Re: [PATCH v7 4/8] PCI/sysfs: Allow userspace to query and set device reset mechanism

From: Bjorn Helgaas
Date: Thu Jun 24 2021 - 12:56:05 EST


On Thu, Jun 24, 2021 at 08:42:42PM +0530, Amey Narkhede wrote:
> On 21/06/24 07:15AM, Bjorn Helgaas wrote:
> > On Tue, Jun 08, 2021 at 11:18:53AM +0530, Amey Narkhede wrote:
> > > Add reset_method sysfs attribute to enable user to
> > > query and set user preferred device reset methods and
> > > their ordering.
> >
> > > + Writing the name or comma separated list of names of any of
> > > + the device supported reset methods to this file will set the
> > > + reset methods and their ordering to be used when resetting
> > > + the device.
> >
> > > + while ((name = strsep(&options, ",")) != NULL) {
> > > + if (sysfs_streq(name, ""))
> > > + continue;
> > > +
> > > + name = strim(name);
> > > +
> > > + for (i = 0; i < PCI_RESET_METHODS_NUM; i++) {
> > > + if (reset_methods[i] &&
> > > + sysfs_streq(name, pci_reset_fn_methods[i].name)) {
> > > + reset_methods[i] = prio--;
> > > + break;
> > > + }
> > > + }
> > > +
> > > + if (i == PCI_RESET_METHODS_NUM) {
> > > + kfree(options);
> > > + return -EINVAL;
> > > + }
> > > + }
> >
> > Asking again since we didn't get this clarified before. The above
> > tells me that "reset_methods" allows the user to control the
> > *order* in which we try reset methods.
> >
> > Consider the following two uses:
> >
> > (1) # echo bus,flr > reset_methods
> >
> > (2) # echo flr,bus > reset_methods
> >
> > Do these have the same effect or not?
> >
> They have different effect.

I asked about this because Shanker's idea [1] of using two bitmaps
only keeps track of which resets are *enabled*. It does not keep
track of the *ordering*. Since you want to control the ordering, I
think we need more state than just the supported/enabled bitmaps.
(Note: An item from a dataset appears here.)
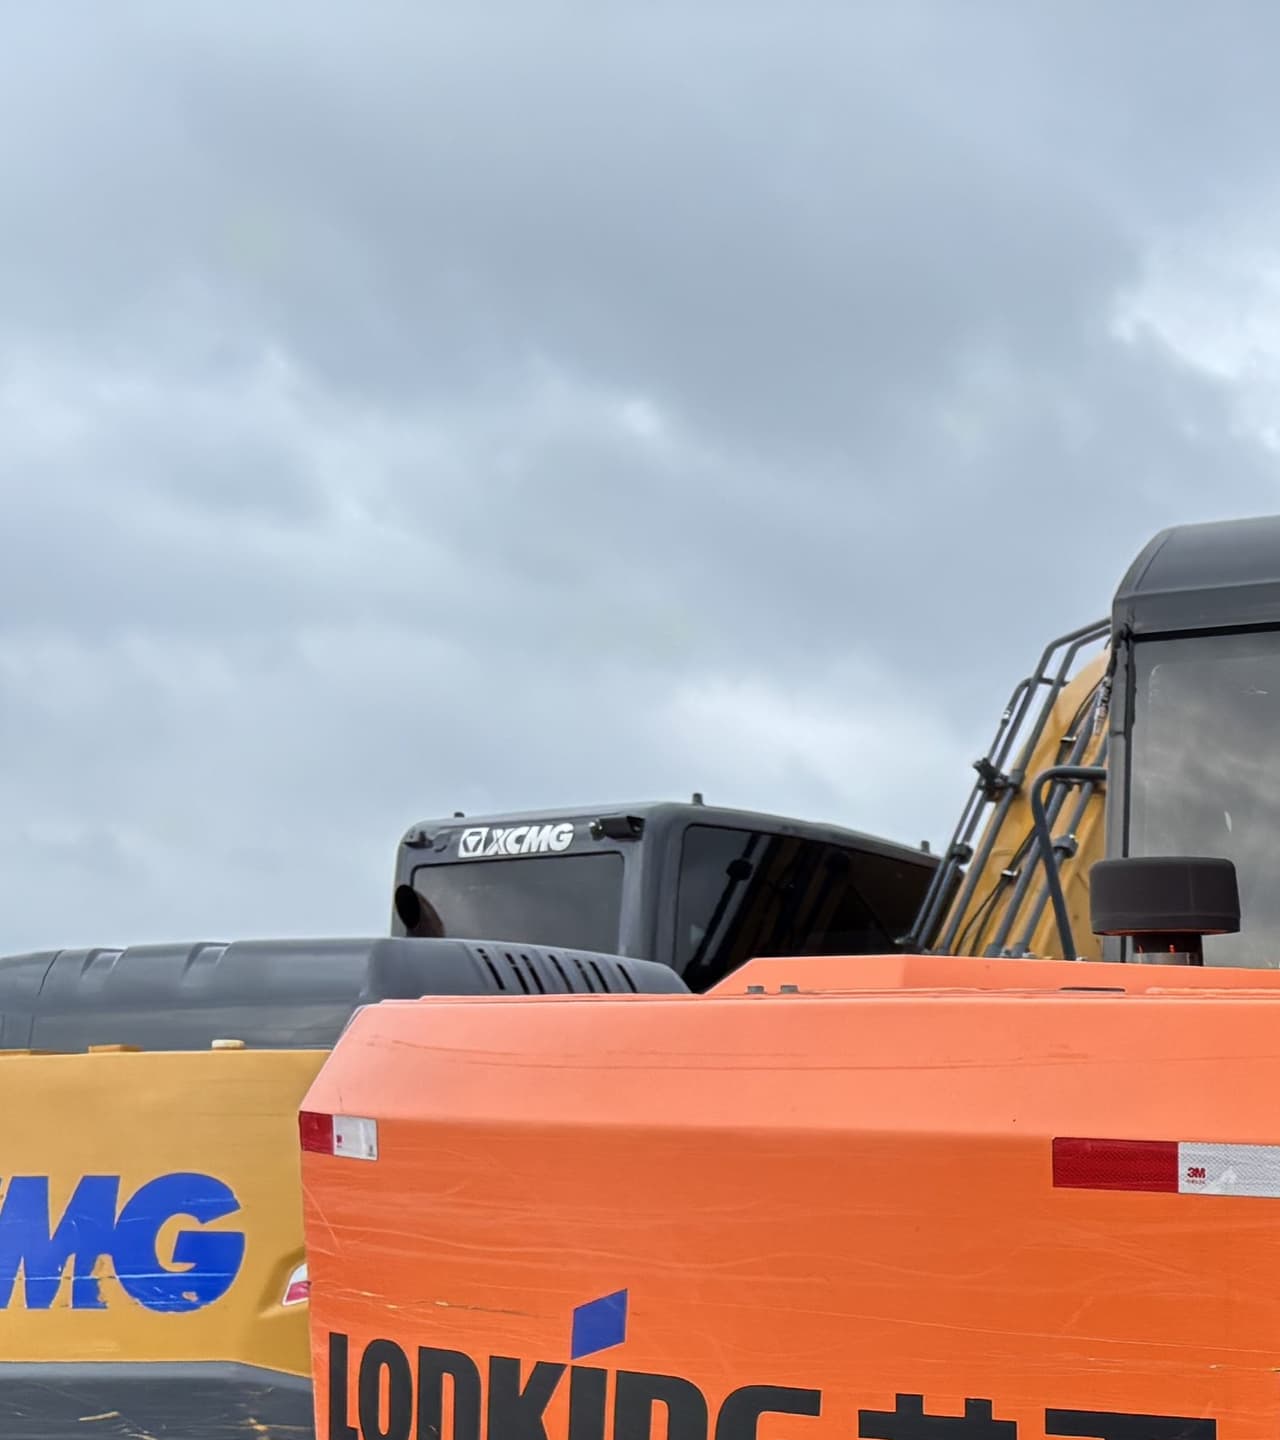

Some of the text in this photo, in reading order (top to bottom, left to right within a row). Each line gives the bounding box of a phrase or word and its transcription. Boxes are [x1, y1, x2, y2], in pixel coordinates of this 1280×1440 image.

> > If "reset_methods" allows control over the order, I expect them to
> > be different: (1) would try a bus reset and, if the bus reset
> > failed, an FLR, while (2) would try an FLR and, if the FLR failed,
> > a bus reset.
>
> Exactly you are right.
>
> Now the point I was presenting was with new encoding we have to
> write list of *all of the supported reset methods* in order for
> example, in above example flr,bus or bus,flr. We can't just write
> 'flr' or 'bus' then switch back to writing flr,bus/bus,flr (these
> have different effect as mentioned earlier).

It sounds like you're saying this sequence can't work:

# echo flr > reset_methods
# echo bus,flr > reset_methods

But I'm afraid you'll have to walk me through the reasons why this
can't be made to work.

> Basically with new encoding an user can't write subset of reset
> methods they have to write list of *all* supported methods
> everytime.

Why does the user have to write all supported methods? Is that to
preserve the fact that "cat reset_methods" always shows all the
supported methods so the user knows what's available?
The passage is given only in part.